▶ Instructions to follow
Strip out the pictures and transcribe the records that follow exactly.

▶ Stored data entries
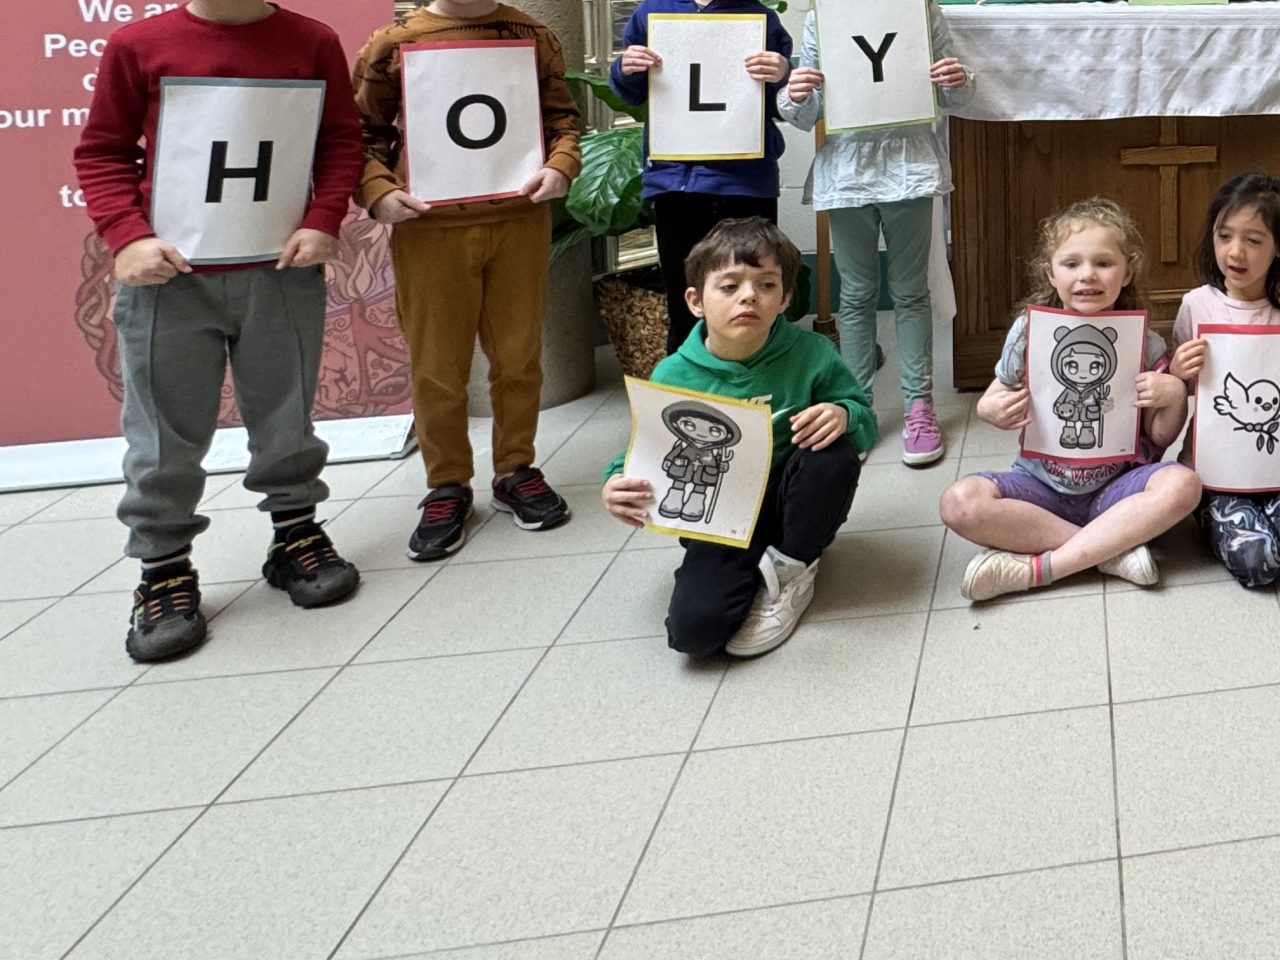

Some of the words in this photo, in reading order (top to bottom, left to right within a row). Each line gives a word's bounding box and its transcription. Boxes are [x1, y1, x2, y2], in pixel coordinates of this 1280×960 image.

[852, 32, 898, 83] Y
[688, 62, 727, 112] L
[446, 93, 507, 150] O
[204, 140, 274, 203] H
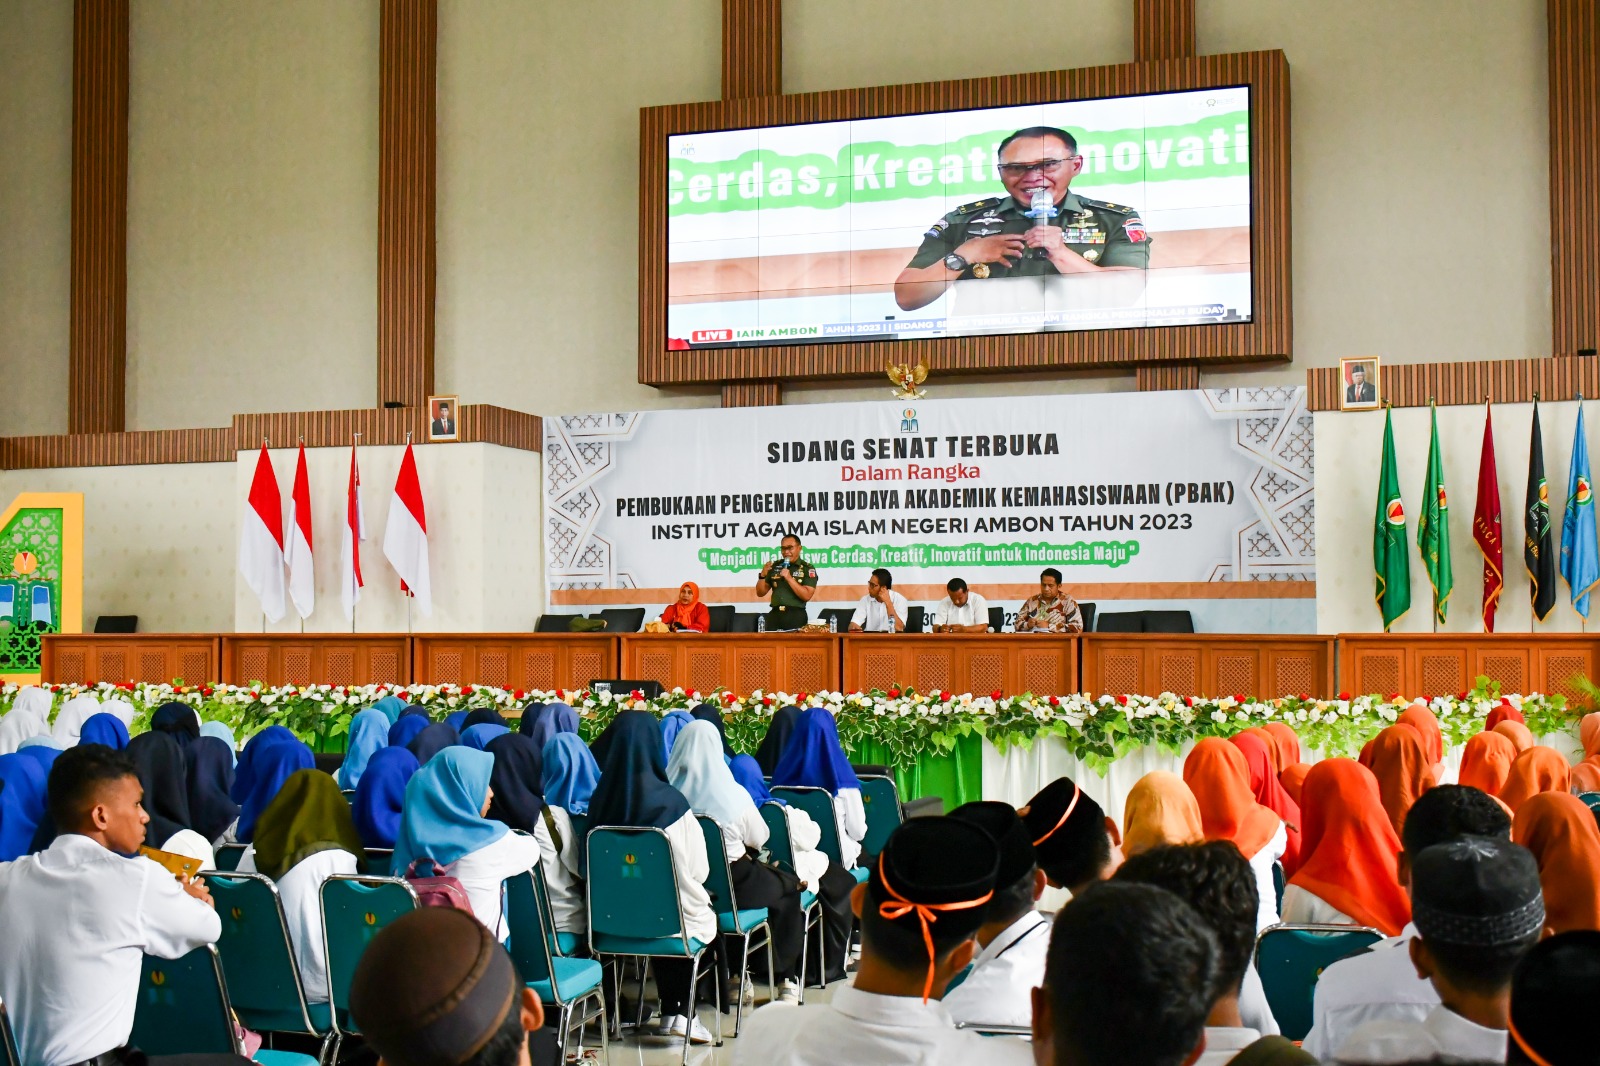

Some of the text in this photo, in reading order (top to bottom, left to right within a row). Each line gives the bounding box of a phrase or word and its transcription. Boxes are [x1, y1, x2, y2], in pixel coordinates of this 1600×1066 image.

[669, 123, 1248, 206] Cerdas, Kreati novati
[697, 331, 728, 341] LIVE
[736, 327, 818, 338] IAIN AMBON
[825, 325, 855, 334] AHUN
[856, 324, 881, 332] 2023
[894, 321, 934, 331] SIDANG
[767, 433, 1060, 463] SIDANG SENAT TERBUKA
[841, 462, 980, 483] Dalam Rangka
[616, 480, 1235, 517] PEMBUKAAN PENGENALAN BUDAYA AKADEMIK KEMAHASISWAAN (PBAK)
[652, 513, 1193, 540] INSTITUT AGAMA ISLAM NEGERI AMBON TAHUN 2023
[710, 551, 757, 568] Menjadi
[831, 548, 878, 564] Cerdas,
[880, 547, 928, 564] Kreatif,
[931, 545, 982, 563] Inovatif
[984, 547, 1023, 562] untuk
[1025, 545, 1091, 562] Indonesia
[1093, 545, 1126, 564] Maju

▶ Response to the task
Some of the words in this photo, in reading order (top to bottom, left to right within a row). Each line gives a word's bounding box and its transcription. Boxes are [x1, y1, x2, y2], in pixel coordinates of this 1280×960 image.

[852, 32, 898, 83] Y
[688, 62, 727, 112] L
[446, 93, 507, 150] O
[204, 140, 274, 203] H

Some of the text in this photo, in reading order (top to bottom, left to right within a row). Each line gives the bounding box of a phrase or word and its transcription. Boxes are [x1, y1, x2, y2], in pixel coordinates of this 1600×1066 image.

[669, 123, 1248, 206] Cerdas, Kreati novati
[697, 331, 728, 341] LIVE
[736, 327, 818, 338] IAIN AMBON
[825, 325, 855, 334] AHUN
[856, 324, 881, 332] 2023
[894, 321, 934, 331] SIDANG
[767, 433, 1060, 463] SIDANG SENAT TERBUKA
[841, 462, 980, 483] Dalam Rangka
[616, 480, 1235, 517] PEMBUKAAN PENGENALAN BUDAYA AKADEMIK KEMAHASISWAAN (PBAK)
[652, 513, 1193, 540] INSTITUT AGAMA ISLAM NEGERI AMBON TAHUN 2023
[710, 551, 757, 568] Menjadi
[831, 548, 878, 564] Cerdas,
[880, 547, 928, 564] Kreatif,
[931, 545, 982, 563] Inovatif
[984, 547, 1023, 562] untuk
[1025, 545, 1091, 562] Indonesia
[1093, 545, 1126, 564] Maju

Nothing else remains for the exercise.